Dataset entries

- Opening Delimiter -

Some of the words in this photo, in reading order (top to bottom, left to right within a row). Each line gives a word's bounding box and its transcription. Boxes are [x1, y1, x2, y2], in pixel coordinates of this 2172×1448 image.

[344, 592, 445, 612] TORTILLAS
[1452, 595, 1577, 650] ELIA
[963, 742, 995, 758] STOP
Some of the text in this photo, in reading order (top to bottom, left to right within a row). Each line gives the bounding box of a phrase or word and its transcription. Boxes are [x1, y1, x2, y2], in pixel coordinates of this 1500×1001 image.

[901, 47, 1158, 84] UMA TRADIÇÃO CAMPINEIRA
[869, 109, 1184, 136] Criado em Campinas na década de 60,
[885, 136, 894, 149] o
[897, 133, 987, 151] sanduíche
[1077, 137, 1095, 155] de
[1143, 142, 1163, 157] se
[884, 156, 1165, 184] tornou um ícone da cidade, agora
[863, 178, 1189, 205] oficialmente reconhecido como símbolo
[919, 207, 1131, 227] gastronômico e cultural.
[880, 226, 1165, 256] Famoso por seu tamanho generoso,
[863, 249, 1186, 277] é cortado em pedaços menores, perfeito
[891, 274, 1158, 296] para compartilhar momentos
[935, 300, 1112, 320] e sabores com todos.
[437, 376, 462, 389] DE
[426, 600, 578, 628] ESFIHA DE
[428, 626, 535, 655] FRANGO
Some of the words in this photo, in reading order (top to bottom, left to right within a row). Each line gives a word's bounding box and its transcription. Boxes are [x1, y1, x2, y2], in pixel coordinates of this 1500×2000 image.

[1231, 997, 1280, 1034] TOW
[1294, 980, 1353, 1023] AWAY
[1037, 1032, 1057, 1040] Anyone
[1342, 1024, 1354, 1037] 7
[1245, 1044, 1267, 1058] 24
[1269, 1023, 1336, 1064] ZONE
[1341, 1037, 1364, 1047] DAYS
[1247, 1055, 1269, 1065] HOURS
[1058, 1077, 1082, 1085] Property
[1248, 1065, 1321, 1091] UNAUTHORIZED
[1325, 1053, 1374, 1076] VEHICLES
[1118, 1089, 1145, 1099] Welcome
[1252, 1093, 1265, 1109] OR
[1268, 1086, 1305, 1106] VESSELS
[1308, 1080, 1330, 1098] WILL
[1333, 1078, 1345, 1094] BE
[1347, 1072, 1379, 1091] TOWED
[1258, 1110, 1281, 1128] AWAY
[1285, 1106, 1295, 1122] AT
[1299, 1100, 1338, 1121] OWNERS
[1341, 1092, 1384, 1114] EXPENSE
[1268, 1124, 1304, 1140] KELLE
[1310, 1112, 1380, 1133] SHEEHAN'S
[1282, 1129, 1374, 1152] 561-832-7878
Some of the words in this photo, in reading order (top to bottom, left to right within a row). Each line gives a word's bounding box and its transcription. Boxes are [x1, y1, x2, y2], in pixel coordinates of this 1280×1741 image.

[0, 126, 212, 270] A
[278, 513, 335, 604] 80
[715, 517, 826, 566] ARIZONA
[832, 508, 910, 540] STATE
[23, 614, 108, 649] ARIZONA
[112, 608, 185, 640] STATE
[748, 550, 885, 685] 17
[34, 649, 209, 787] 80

- Closing Delimiter -

## [INSTRUCTIONS TO FOLLOW]
Write out the records again so that each line matches the original exactly.

## [EXERCISE RESULT]
Some of the words in this photo, in reading order (top to bottom, left to right within a row). Each line gives a word's bounding box and its transcription. Boxes are [x1, y1, x2, y2], in pixel coordinates of this 2172×1448 image.

[344, 592, 445, 612] TORTILLAS
[1452, 595, 1577, 650] ELIA
[963, 742, 995, 758] STOP
Some of the text in this photo, in reading order (top to bottom, left to right within a row). Each line gives the bounding box of a phrase or word and its transcription. Boxes are [x1, y1, x2, y2], in pixel coordinates of this 1500×1001 image.

[901, 47, 1158, 84] UMA TRADIÇÃO CAMPINEIRA
[869, 109, 1184, 136] Criado em Campinas na década de 60,
[885, 136, 894, 149] o
[897, 133, 987, 151] sanduíche
[1077, 137, 1095, 155] de
[1143, 142, 1163, 157] se
[884, 156, 1165, 184] tornou um ícone da cidade, agora
[863, 178, 1189, 205] oficialmente reconhecido como símbolo
[919, 207, 1131, 227] gastronômico e cultural.
[880, 226, 1165, 256] Famoso por seu tamanho generoso,
[863, 249, 1186, 277] é cortado em pedaços menores, perfeito
[891, 274, 1158, 296] para compartilhar momentos
[935, 300, 1112, 320] e sabores com todos.
[437, 376, 462, 389] DE
[426, 600, 578, 628] ESFIHA DE
[428, 626, 535, 655] FRANGO
Some of the words in this photo, in reading order (top to bottom, left to right within a row). Each line gives a word's bounding box and its transcription. Boxes are [x1, y1, x2, y2], in pixel coordinates of this 1500×2000 image.

[1231, 997, 1280, 1034] TOW
[1294, 980, 1353, 1023] AWAY
[1037, 1032, 1057, 1040] Anyone
[1342, 1024, 1354, 1037] 7
[1245, 1044, 1267, 1058] 24
[1269, 1023, 1336, 1064] ZONE
[1341, 1037, 1364, 1047] DAYS
[1247, 1055, 1269, 1065] HOURS
[1058, 1077, 1082, 1085] Property
[1248, 1065, 1321, 1091] UNAUTHORIZED
[1325, 1053, 1374, 1076] VEHICLES
[1118, 1089, 1145, 1099] Welcome
[1252, 1093, 1265, 1109] OR
[1268, 1086, 1305, 1106] VESSELS
[1308, 1080, 1330, 1098] WILL
[1333, 1078, 1345, 1094] BE
[1347, 1072, 1379, 1091] TOWED
[1258, 1110, 1281, 1128] AWAY
[1285, 1106, 1295, 1122] AT
[1299, 1100, 1338, 1121] OWNERS
[1341, 1092, 1384, 1114] EXPENSE
[1268, 1124, 1304, 1140] KELLE
[1310, 1112, 1380, 1133] SHEEHAN'S
[1282, 1129, 1374, 1152] 561-832-7878
Some of the words in this photo, in reading order (top to bottom, left to right within a row). Each line gives a word's bounding box and its transcription. Boxes are [x1, y1, x2, y2], in pixel coordinates of this 1280×1741 image.

[0, 126, 212, 270] A
[278, 513, 335, 604] 80
[715, 517, 826, 566] ARIZONA
[832, 508, 910, 540] STATE
[23, 614, 108, 649] ARIZONA
[112, 608, 185, 640] STATE
[748, 550, 885, 685] 17
[34, 649, 209, 787] 80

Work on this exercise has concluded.